# Annotated photo localization data:
----

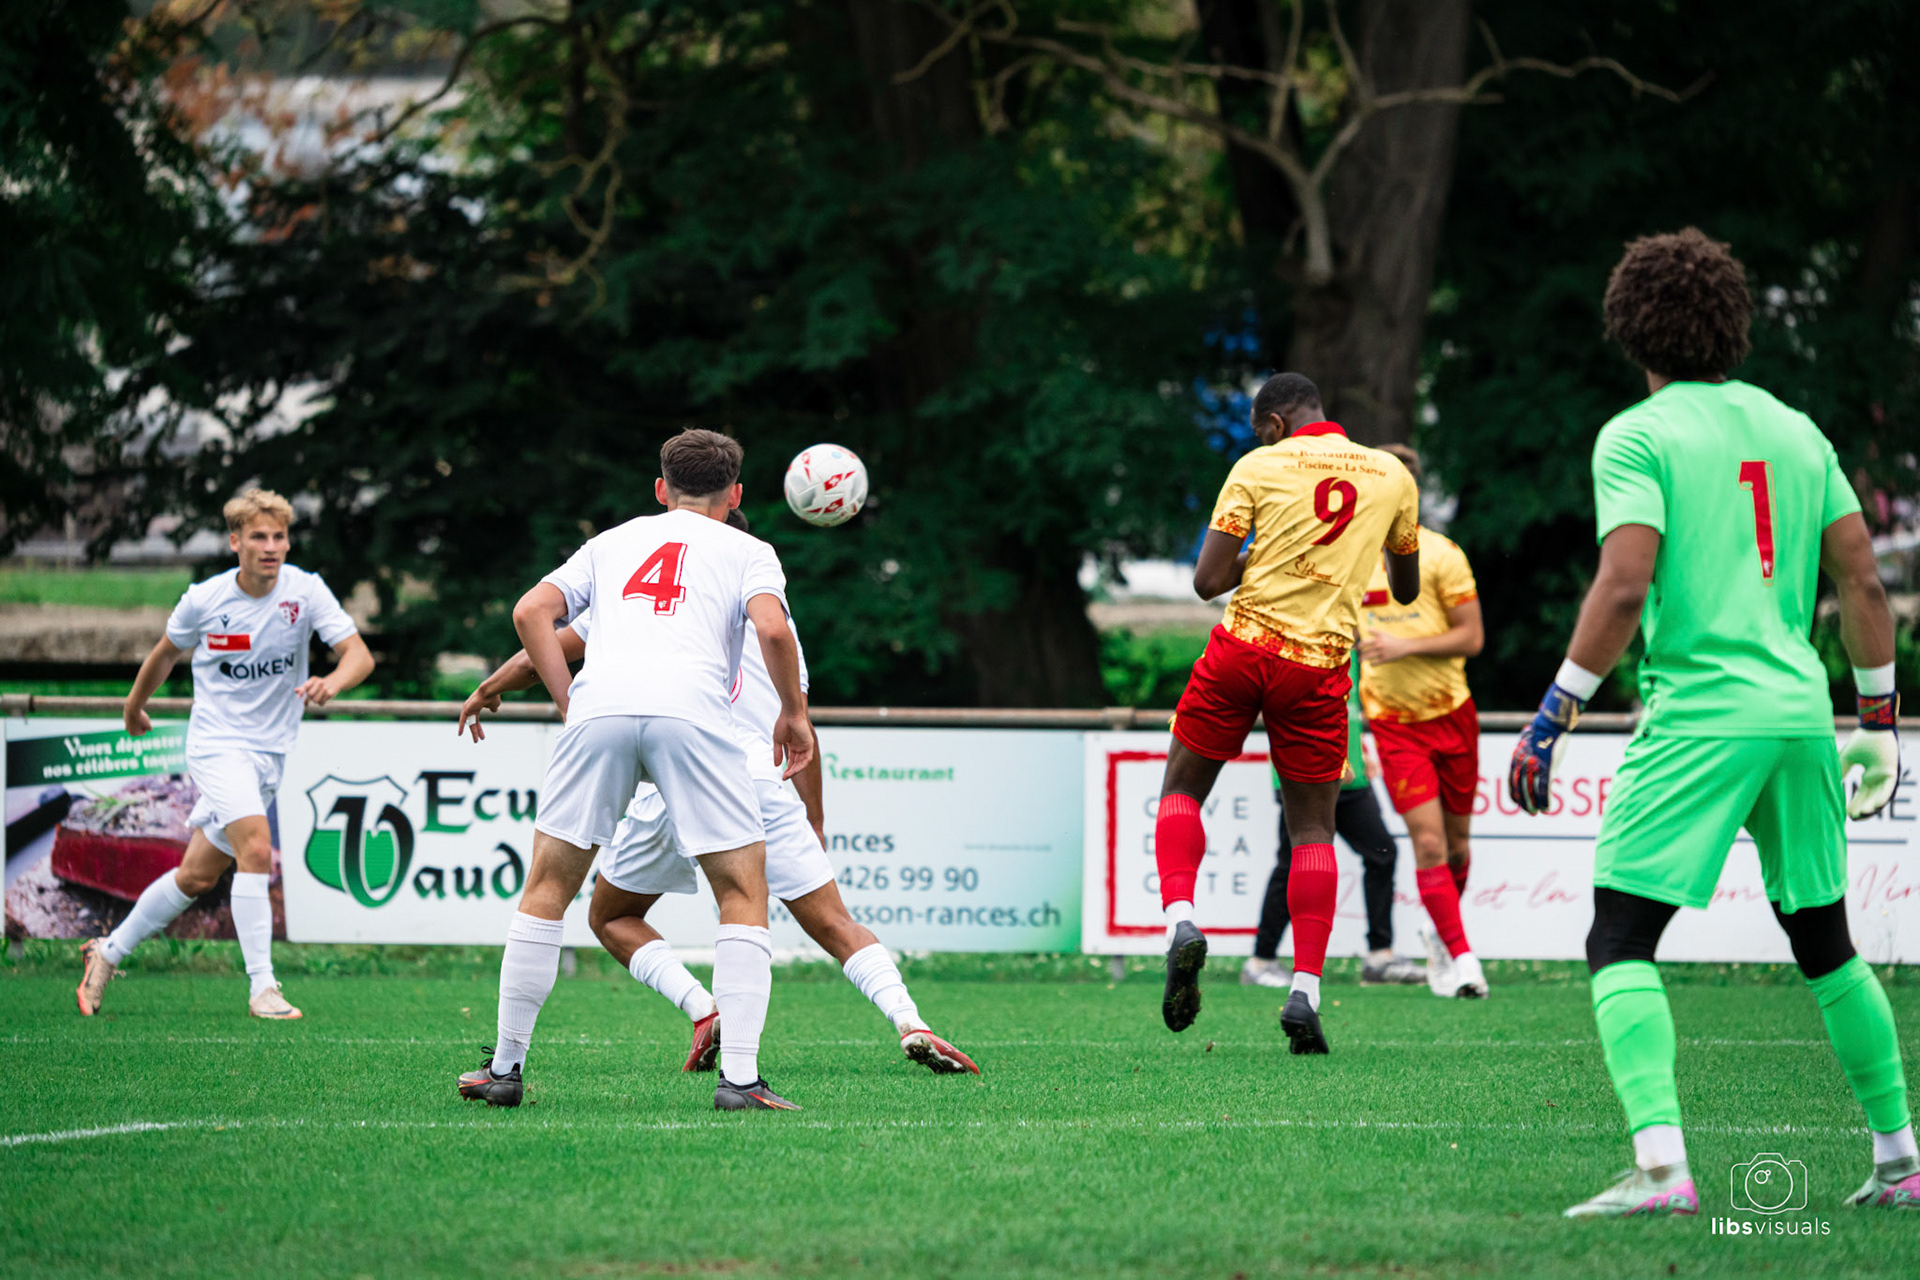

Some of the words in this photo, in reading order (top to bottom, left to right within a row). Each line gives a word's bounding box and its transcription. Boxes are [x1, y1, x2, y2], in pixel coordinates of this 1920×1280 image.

[1313, 476, 1358, 546] 9
[1739, 460, 1777, 587] 1
[622, 542, 688, 616] 4
[232, 654, 295, 680] OIKEN
[43, 763, 72, 778] nos
[822, 753, 955, 781] Restaurant
[415, 771, 538, 833] Ecu
[1143, 796, 1250, 820] CVE
[838, 865, 890, 891] 426
[900, 866, 933, 892] 99
[944, 866, 979, 892] 90
[1143, 871, 1248, 895] CTE

----

# DIRECTIONS FOR THIS TASK:
Should the entries hold any pictures, please omit those and print the remaining text exactly.

# RESPONSE AREA:
Some of the words in this photo, in reading order (top to bottom, left to right within a row). Each line gives a word's bounding box and its transcription. Boxes are [x1, y1, x2, y2], in pixel coordinates of this 1920×1280 image.

[1313, 476, 1358, 546] 9
[1739, 460, 1777, 587] 1
[622, 542, 688, 616] 4
[232, 654, 295, 680] OIKEN
[43, 763, 72, 778] nos
[822, 753, 955, 781] Restaurant
[415, 771, 538, 833] Ecu
[1143, 796, 1250, 820] CVE
[838, 865, 890, 891] 426
[900, 866, 933, 892] 99
[944, 866, 979, 892] 90
[1143, 871, 1248, 895] CTE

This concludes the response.